DATA LISTING section start
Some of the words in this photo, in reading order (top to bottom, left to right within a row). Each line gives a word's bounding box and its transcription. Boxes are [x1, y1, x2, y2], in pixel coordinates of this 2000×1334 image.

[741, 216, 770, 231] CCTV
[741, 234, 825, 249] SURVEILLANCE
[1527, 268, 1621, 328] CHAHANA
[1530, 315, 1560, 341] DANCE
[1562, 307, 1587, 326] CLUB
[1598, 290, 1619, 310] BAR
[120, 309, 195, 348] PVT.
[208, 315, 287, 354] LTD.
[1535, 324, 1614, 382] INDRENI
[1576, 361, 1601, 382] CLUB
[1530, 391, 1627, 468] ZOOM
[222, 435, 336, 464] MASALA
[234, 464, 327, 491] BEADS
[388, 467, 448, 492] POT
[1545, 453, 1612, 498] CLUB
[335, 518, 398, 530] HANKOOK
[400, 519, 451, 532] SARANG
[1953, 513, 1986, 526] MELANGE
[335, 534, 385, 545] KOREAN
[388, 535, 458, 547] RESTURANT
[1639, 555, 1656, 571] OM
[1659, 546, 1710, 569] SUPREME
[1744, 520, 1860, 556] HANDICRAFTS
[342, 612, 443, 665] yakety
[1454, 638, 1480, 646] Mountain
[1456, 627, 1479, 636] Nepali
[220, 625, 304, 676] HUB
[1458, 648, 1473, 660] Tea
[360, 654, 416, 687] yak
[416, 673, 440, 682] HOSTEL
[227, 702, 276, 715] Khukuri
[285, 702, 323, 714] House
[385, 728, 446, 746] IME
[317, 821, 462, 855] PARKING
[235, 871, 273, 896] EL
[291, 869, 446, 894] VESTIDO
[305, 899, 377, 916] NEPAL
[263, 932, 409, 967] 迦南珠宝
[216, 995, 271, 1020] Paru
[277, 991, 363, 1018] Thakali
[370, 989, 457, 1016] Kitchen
DATA LISTING section end
The answer must be every entry, reproduced exactly.

Some of the words in this photo, in reading order (top to bottom, left to right within a row). Each line gives a word's bounding box and its transcription. Boxes are [x1, y1, x2, y2], in pixel coordinates of this 2000×1334 image.

[741, 216, 770, 231] CCTV
[741, 234, 825, 249] SURVEILLANCE
[1527, 268, 1621, 328] CHAHANA
[1530, 315, 1560, 341] DANCE
[1562, 307, 1587, 326] CLUB
[1598, 290, 1619, 310] BAR
[120, 309, 195, 348] PVT.
[208, 315, 287, 354] LTD.
[1535, 324, 1614, 382] INDRENI
[1576, 361, 1601, 382] CLUB
[1530, 391, 1627, 468] ZOOM
[222, 435, 336, 464] MASALA
[234, 464, 327, 491] BEADS
[388, 467, 448, 492] POT
[1545, 453, 1612, 498] CLUB
[335, 518, 398, 530] HANKOOK
[400, 519, 451, 532] SARANG
[1953, 513, 1986, 526] MELANGE
[335, 534, 385, 545] KOREAN
[388, 535, 458, 547] RESTURANT
[1639, 555, 1656, 571] OM
[1659, 546, 1710, 569] SUPREME
[1744, 520, 1860, 556] HANDICRAFTS
[342, 612, 443, 665] yakety
[1454, 638, 1480, 646] Mountain
[1456, 627, 1479, 636] Nepali
[220, 625, 304, 676] HUB
[1458, 648, 1473, 660] Tea
[360, 654, 416, 687] yak
[416, 673, 440, 682] HOSTEL
[227, 702, 276, 715] Khukuri
[285, 702, 323, 714] House
[385, 728, 446, 746] IME
[317, 821, 462, 855] PARKING
[235, 871, 273, 896] EL
[291, 869, 446, 894] VESTIDO
[305, 899, 377, 916] NEPAL
[263, 932, 409, 967] 迦南珠宝
[216, 995, 271, 1020] Paru
[277, 991, 363, 1018] Thakali
[370, 989, 457, 1016] Kitchen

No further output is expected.